Here the job is to transcribe the data exactly while omitting the images.

━━ Data under study

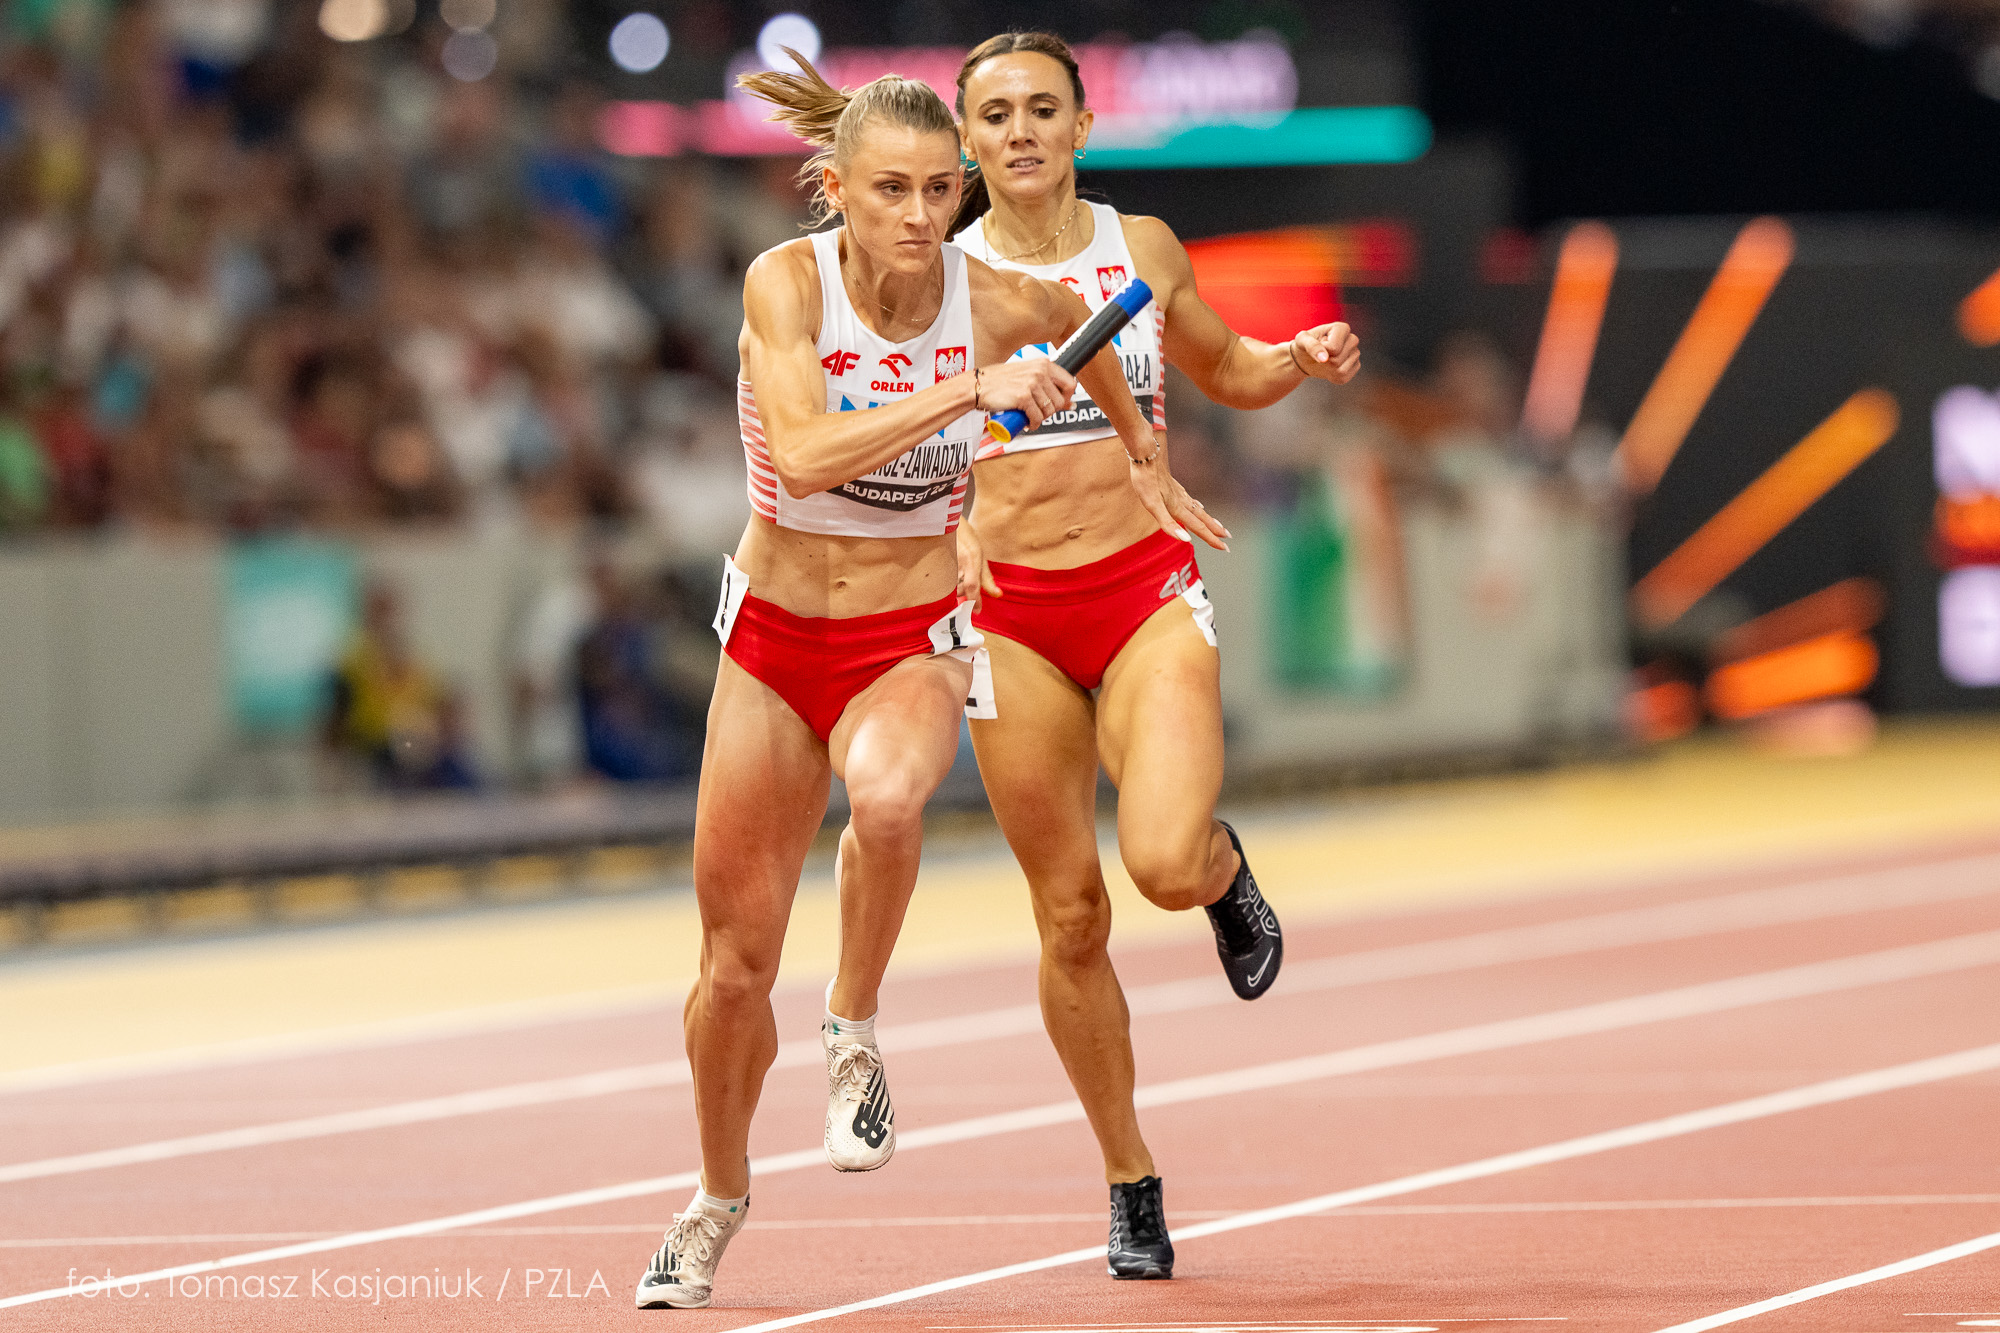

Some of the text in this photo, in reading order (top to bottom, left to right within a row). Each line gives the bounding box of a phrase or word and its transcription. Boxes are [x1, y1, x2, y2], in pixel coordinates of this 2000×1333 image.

[821, 349, 861, 377] 4F
[1118, 353, 1151, 389] AŁA
[870, 380, 914, 393] ORLEN
[842, 482, 931, 505] BUDAPEST
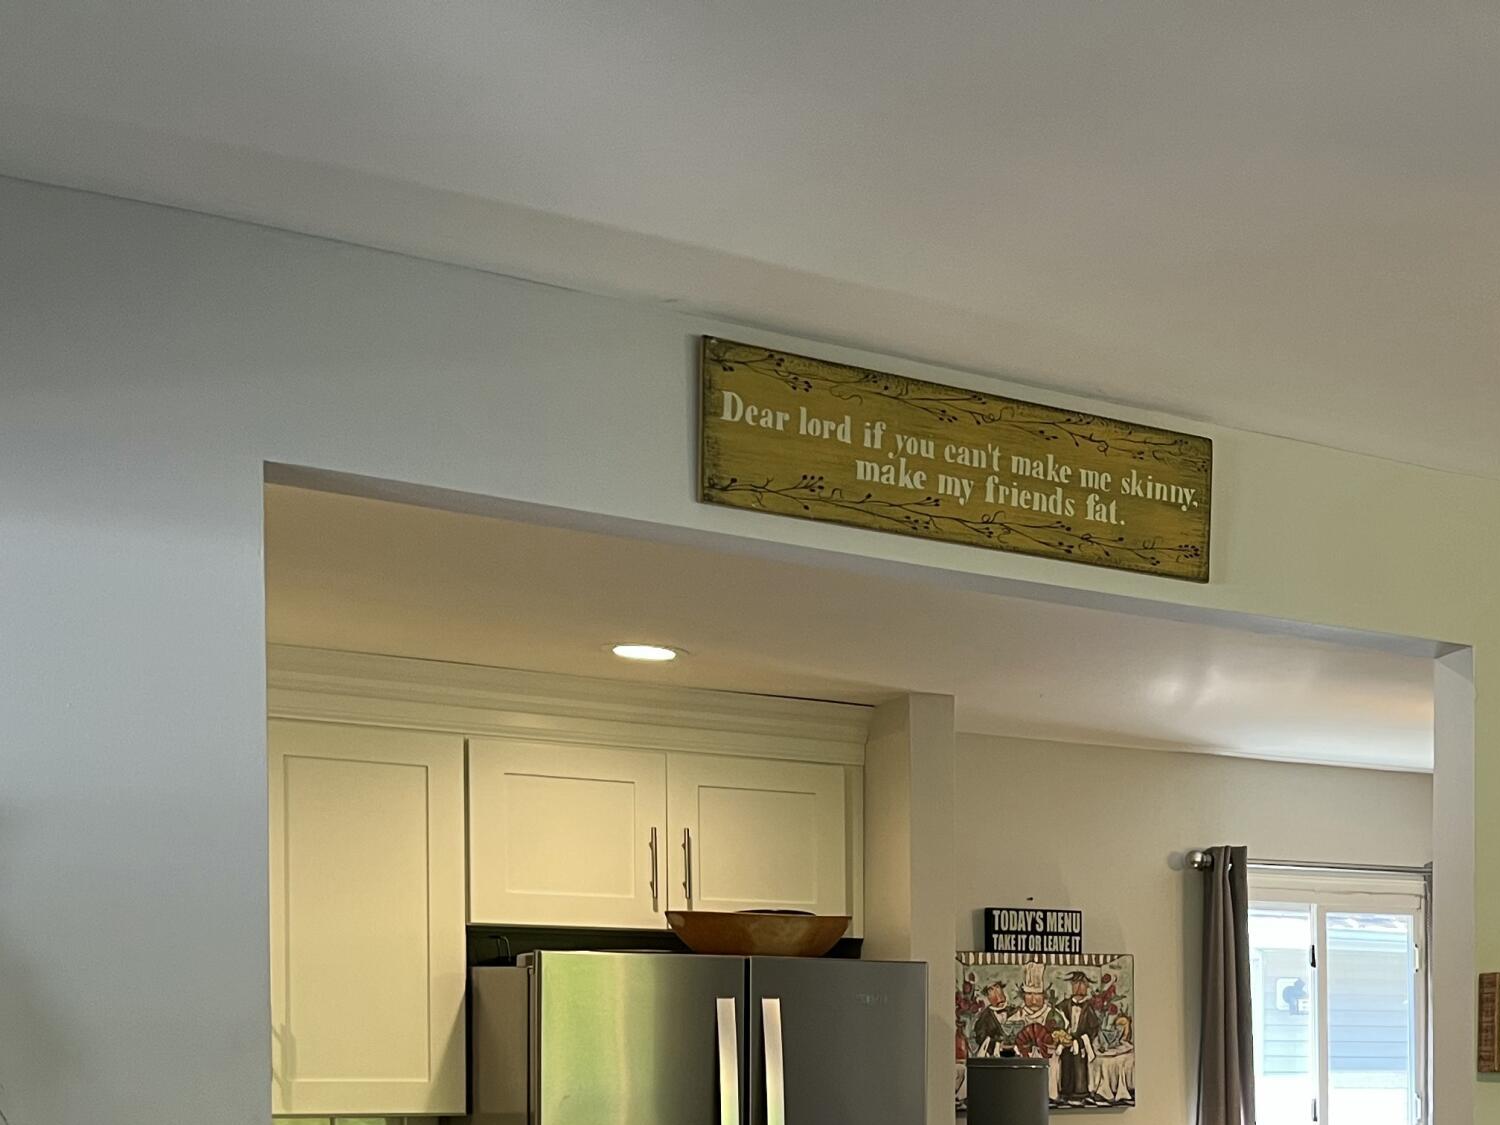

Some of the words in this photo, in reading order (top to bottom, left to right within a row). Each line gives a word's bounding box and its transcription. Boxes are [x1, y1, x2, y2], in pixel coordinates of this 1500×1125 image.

[719, 390, 790, 432] Dear
[799, 406, 851, 444] lord
[863, 421, 886, 449] if
[888, 434, 935, 459] you
[944, 443, 1001, 472] can't
[1011, 454, 1072, 484] make
[1079, 468, 1112, 492] me
[1121, 469, 1199, 512] skinny,
[855, 457, 927, 490] make
[937, 474, 974, 506] my
[984, 475, 1075, 517] friends
[1084, 493, 1126, 526] fat.
[992, 909, 1044, 932] TODAY'S
[1046, 911, 1080, 933] MENU
[992, 933, 1016, 951] TAKE
[1017, 934, 1027, 951] IT
[1028, 934, 1042, 952] OR
[1043, 935, 1070, 952] LEAVE
[1071, 936, 1080, 953] IT

━━━━

Result of this exercise:
Some of the text in this photo, in reading order (top to bottom, left to right within a row). Each line gives the bounding box of a phrase or word and its transcription. Boxes are [x1, y1, x2, y2], in pixel coordinates of this 2000×1333 image.

[821, 349, 861, 377] 4F
[1118, 353, 1151, 389] AŁA
[870, 380, 914, 393] ORLEN
[842, 482, 931, 505] BUDAPEST

Some of the words in this photo, in reading order (top to bottom, left to right within a row). Each line gives a word's bounding box and its transcription. Boxes are [x1, y1, x2, y2], in pixel coordinates of this 1500×1125 image.

[719, 390, 790, 432] Dear
[799, 406, 851, 444] lord
[863, 421, 886, 449] if
[888, 434, 935, 459] you
[944, 443, 1001, 472] can't
[1011, 454, 1072, 484] make
[1079, 468, 1112, 492] me
[1121, 469, 1199, 512] skinny,
[855, 457, 927, 490] make
[937, 474, 974, 506] my
[984, 475, 1075, 517] friends
[1084, 493, 1126, 526] fat.
[992, 909, 1044, 932] TODAY'S
[1046, 911, 1080, 933] MENU
[992, 933, 1016, 951] TAKE
[1017, 934, 1027, 951] IT
[1028, 934, 1042, 952] OR
[1043, 935, 1070, 952] LEAVE
[1071, 936, 1080, 953] IT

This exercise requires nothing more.